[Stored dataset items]
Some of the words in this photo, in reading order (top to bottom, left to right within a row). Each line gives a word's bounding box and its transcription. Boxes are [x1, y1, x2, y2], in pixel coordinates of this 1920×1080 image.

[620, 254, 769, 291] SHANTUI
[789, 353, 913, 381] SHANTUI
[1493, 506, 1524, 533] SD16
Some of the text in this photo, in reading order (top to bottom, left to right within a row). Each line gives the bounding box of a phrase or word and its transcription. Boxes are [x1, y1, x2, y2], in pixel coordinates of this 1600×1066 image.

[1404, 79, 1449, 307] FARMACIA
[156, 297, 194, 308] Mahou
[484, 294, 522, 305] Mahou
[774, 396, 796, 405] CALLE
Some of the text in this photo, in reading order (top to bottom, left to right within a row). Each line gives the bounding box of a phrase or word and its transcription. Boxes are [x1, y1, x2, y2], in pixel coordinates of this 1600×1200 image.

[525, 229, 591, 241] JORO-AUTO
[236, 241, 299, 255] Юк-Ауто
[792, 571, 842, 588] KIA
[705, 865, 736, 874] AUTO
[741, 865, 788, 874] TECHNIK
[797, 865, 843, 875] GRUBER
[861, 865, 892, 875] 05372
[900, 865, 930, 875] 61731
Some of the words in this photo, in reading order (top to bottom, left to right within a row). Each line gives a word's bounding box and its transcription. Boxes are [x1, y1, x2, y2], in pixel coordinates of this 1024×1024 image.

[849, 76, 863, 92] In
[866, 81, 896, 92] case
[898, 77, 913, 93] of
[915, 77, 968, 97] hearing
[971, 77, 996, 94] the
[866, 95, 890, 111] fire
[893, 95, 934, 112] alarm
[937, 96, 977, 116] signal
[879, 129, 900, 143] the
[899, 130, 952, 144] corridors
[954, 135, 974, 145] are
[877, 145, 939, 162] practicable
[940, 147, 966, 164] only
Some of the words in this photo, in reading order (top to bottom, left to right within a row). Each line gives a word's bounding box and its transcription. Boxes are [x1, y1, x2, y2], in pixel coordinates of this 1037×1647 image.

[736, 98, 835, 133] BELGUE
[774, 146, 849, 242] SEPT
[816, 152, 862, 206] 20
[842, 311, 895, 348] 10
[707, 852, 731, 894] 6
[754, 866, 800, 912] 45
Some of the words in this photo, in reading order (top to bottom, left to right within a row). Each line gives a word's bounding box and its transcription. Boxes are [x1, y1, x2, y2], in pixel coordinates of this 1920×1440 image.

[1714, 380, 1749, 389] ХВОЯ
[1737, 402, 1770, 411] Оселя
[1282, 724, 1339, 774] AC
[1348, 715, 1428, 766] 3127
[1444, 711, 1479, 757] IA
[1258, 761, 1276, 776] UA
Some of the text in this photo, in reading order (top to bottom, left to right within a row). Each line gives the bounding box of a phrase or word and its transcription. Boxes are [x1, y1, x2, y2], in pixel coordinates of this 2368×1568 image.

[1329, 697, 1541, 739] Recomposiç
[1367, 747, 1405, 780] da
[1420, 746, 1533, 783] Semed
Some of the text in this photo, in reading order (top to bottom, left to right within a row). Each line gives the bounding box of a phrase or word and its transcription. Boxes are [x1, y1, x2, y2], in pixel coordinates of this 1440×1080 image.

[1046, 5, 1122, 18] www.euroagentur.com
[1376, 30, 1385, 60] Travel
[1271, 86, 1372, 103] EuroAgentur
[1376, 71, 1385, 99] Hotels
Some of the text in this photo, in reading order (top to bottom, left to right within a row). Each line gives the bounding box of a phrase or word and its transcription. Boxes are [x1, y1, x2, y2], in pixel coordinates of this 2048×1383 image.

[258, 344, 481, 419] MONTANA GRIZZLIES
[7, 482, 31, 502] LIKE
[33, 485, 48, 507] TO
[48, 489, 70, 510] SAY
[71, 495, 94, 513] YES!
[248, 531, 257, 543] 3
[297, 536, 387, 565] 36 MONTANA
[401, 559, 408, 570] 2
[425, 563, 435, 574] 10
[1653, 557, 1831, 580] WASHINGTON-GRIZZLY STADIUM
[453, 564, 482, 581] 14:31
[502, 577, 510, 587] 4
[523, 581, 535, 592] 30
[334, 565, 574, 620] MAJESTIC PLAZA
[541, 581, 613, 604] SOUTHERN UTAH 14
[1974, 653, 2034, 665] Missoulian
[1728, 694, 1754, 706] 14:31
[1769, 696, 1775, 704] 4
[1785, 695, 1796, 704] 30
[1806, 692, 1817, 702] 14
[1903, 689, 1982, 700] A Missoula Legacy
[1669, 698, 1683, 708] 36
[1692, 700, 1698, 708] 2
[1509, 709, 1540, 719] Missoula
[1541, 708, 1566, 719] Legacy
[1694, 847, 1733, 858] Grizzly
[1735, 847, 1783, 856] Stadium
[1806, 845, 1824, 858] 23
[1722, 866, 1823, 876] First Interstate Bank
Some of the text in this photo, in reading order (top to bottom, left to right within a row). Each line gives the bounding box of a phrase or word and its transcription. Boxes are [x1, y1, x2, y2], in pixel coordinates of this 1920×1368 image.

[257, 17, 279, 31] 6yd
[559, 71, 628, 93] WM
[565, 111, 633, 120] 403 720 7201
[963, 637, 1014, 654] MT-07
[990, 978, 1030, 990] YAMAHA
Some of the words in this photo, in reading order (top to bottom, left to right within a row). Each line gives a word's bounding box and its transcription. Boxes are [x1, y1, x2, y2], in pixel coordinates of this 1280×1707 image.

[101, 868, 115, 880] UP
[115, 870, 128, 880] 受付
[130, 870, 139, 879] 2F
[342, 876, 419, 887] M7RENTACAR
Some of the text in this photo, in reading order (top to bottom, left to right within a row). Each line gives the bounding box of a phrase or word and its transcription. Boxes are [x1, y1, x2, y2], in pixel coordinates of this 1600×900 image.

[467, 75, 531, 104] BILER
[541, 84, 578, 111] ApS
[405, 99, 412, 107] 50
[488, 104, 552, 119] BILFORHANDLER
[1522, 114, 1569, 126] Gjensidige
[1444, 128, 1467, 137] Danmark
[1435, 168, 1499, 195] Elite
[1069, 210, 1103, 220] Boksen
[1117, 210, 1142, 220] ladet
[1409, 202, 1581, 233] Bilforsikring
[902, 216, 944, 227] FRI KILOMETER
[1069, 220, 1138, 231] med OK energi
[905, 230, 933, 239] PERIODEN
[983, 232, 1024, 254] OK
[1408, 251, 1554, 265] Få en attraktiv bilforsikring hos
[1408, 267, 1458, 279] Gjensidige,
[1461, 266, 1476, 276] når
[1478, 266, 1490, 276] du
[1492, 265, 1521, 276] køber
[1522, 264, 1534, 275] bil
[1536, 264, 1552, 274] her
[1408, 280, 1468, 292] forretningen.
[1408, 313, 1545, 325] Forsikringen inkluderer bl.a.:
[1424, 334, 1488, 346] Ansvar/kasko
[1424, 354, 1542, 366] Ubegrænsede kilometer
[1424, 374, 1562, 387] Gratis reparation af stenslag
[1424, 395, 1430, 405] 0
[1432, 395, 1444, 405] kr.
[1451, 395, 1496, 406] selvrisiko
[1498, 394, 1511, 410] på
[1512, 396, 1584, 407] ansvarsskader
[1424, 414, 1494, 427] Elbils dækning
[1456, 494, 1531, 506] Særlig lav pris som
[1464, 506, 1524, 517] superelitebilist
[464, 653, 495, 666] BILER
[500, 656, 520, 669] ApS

[ASSIGNED TASK]: Nothing in the records above may be left out when you repeat them exactly.

[FINISHED EXERCISE]:
Some of the words in this photo, in reading order (top to bottom, left to right within a row). Each line gives a word's bounding box and its transcription. Boxes are [x1, y1, x2, y2], in pixel coordinates of this 1920×1080 image.

[620, 254, 769, 291] SHANTUI
[789, 353, 913, 381] SHANTUI
[1493, 506, 1524, 533] SD16
Some of the text in this photo, in reading order (top to bottom, left to right within a row). Each line gives the bounding box of a phrase or word and its transcription. Boxes are [x1, y1, x2, y2], in pixel coordinates of this 1600×1066 image.

[1404, 79, 1449, 307] FARMACIA
[156, 297, 194, 308] Mahou
[484, 294, 522, 305] Mahou
[774, 396, 796, 405] CALLE
Some of the text in this photo, in reading order (top to bottom, left to right within a row). Each line gives the bounding box of a phrase or word and its transcription. Boxes are [x1, y1, x2, y2], in pixel coordinates of this 1600×1200 image.

[525, 229, 591, 241] JORO-AUTO
[236, 241, 299, 255] Юк-Ауто
[792, 571, 842, 588] KIA
[705, 865, 736, 874] AUTO
[741, 865, 788, 874] TECHNIK
[797, 865, 843, 875] GRUBER
[861, 865, 892, 875] 05372
[900, 865, 930, 875] 61731
Some of the words in this photo, in reading order (top to bottom, left to right within a row). Each line gives a word's bounding box and its transcription. Boxes are [x1, y1, x2, y2], in pixel coordinates of this 1024×1024 image.

[849, 76, 863, 92] In
[866, 81, 896, 92] case
[898, 77, 913, 93] of
[915, 77, 968, 97] hearing
[971, 77, 996, 94] the
[866, 95, 890, 111] fire
[893, 95, 934, 112] alarm
[937, 96, 977, 116] signal
[879, 129, 900, 143] the
[899, 130, 952, 144] corridors
[954, 135, 974, 145] are
[877, 145, 939, 162] practicable
[940, 147, 966, 164] only
Some of the words in this photo, in reading order (top to bottom, left to right within a row). Each line gives a word's bounding box and its transcription. Boxes are [x1, y1, x2, y2], in pixel coordinates of this 1037×1647 image.

[736, 98, 835, 133] BELGUE
[774, 146, 849, 242] SEPT
[816, 152, 862, 206] 20
[842, 311, 895, 348] 10
[707, 852, 731, 894] 6
[754, 866, 800, 912] 45
Some of the words in this photo, in reading order (top to bottom, left to right within a row). Each line gives a word's bounding box and its transcription. Boxes are [x1, y1, x2, y2], in pixel coordinates of this 1920×1440 image.

[1714, 380, 1749, 389] ХВОЯ
[1737, 402, 1770, 411] Оселя
[1282, 724, 1339, 774] AC
[1348, 715, 1428, 766] 3127
[1444, 711, 1479, 757] IA
[1258, 761, 1276, 776] UA
Some of the text in this photo, in reading order (top to bottom, left to right within a row). Each line gives the bounding box of a phrase or word and its transcription. Boxes are [x1, y1, x2, y2], in pixel coordinates of this 2368×1568 image.

[1329, 697, 1541, 739] Recomposiç
[1367, 747, 1405, 780] da
[1420, 746, 1533, 783] Semed
Some of the text in this photo, in reading order (top to bottom, left to right within a row). Each line gives the bounding box of a phrase or word and its transcription. Boxes are [x1, y1, x2, y2], in pixel coordinates of this 1440×1080 image.

[1046, 5, 1122, 18] www.euroagentur.com
[1376, 30, 1385, 60] Travel
[1271, 86, 1372, 103] EuroAgentur
[1376, 71, 1385, 99] Hotels
Some of the text in this photo, in reading order (top to bottom, left to right within a row). Each line gives the bounding box of a phrase or word and its transcription. Boxes are [x1, y1, x2, y2], in pixel coordinates of this 2048×1383 image.

[258, 344, 481, 419] MONTANA GRIZZLIES
[7, 482, 31, 502] LIKE
[33, 485, 48, 507] TO
[48, 489, 70, 510] SAY
[71, 495, 94, 513] YES!
[248, 531, 257, 543] 3
[297, 536, 387, 565] 36 MONTANA
[401, 559, 408, 570] 2
[425, 563, 435, 574] 10
[1653, 557, 1831, 580] WASHINGTON-GRIZZLY STADIUM
[453, 564, 482, 581] 14:31
[502, 577, 510, 587] 4
[523, 581, 535, 592] 30
[334, 565, 574, 620] MAJESTIC PLAZA
[541, 581, 613, 604] SOUTHERN UTAH 14
[1974, 653, 2034, 665] Missoulian
[1728, 694, 1754, 706] 14:31
[1769, 696, 1775, 704] 4
[1785, 695, 1796, 704] 30
[1806, 692, 1817, 702] 14
[1903, 689, 1982, 700] A Missoula Legacy
[1669, 698, 1683, 708] 36
[1692, 700, 1698, 708] 2
[1509, 709, 1540, 719] Missoula
[1541, 708, 1566, 719] Legacy
[1694, 847, 1733, 858] Grizzly
[1735, 847, 1783, 856] Stadium
[1806, 845, 1824, 858] 23
[1722, 866, 1823, 876] First Interstate Bank
Some of the text in this photo, in reading order (top to bottom, left to right within a row). Each line gives the bounding box of a phrase or word and its transcription. Boxes are [x1, y1, x2, y2], in pixel coordinates of this 1920×1368 image.

[257, 17, 279, 31] 6yd
[559, 71, 628, 93] WM
[565, 111, 633, 120] 403 720 7201
[963, 637, 1014, 654] MT-07
[990, 978, 1030, 990] YAMAHA
Some of the words in this photo, in reading order (top to bottom, left to right within a row). Each line gives a word's bounding box and its transcription. Boxes are [x1, y1, x2, y2], in pixel coordinates of this 1280×1707 image.

[101, 868, 115, 880] UP
[115, 870, 128, 880] 受付
[130, 870, 139, 879] 2F
[342, 876, 419, 887] M7RENTACAR
Some of the text in this photo, in reading order (top to bottom, left to right within a row). Each line gives the bounding box of a phrase or word and its transcription. Boxes are [x1, y1, x2, y2], in pixel coordinates of this 1600×900 image.

[467, 75, 531, 104] BILER
[541, 84, 578, 111] ApS
[405, 99, 412, 107] 50
[488, 104, 552, 119] BILFORHANDLER
[1522, 114, 1569, 126] Gjensidige
[1444, 128, 1467, 137] Danmark
[1435, 168, 1499, 195] Elite
[1069, 210, 1103, 220] Boksen
[1117, 210, 1142, 220] ladet
[1409, 202, 1581, 233] Bilforsikring
[902, 216, 944, 227] FRI KILOMETER
[1069, 220, 1138, 231] med OK energi
[905, 230, 933, 239] PERIODEN
[983, 232, 1024, 254] OK
[1408, 251, 1554, 265] Få en attraktiv bilforsikring hos
[1408, 267, 1458, 279] Gjensidige,
[1461, 266, 1476, 276] når
[1478, 266, 1490, 276] du
[1492, 265, 1521, 276] køber
[1522, 264, 1534, 275] bil
[1536, 264, 1552, 274] her
[1408, 280, 1468, 292] forretningen.
[1408, 313, 1545, 325] Forsikringen inkluderer bl.a.:
[1424, 334, 1488, 346] Ansvar/kasko
[1424, 354, 1542, 366] Ubegrænsede kilometer
[1424, 374, 1562, 387] Gratis reparation af stenslag
[1424, 395, 1430, 405] 0
[1432, 395, 1444, 405] kr.
[1451, 395, 1496, 406] selvrisiko
[1498, 394, 1511, 410] på
[1512, 396, 1584, 407] ansvarsskader
[1424, 414, 1494, 427] Elbils dækning
[1456, 494, 1531, 506] Særlig lav pris som
[1464, 506, 1524, 517] superelitebilist
[464, 653, 495, 666] BILER
[500, 656, 520, 669] ApS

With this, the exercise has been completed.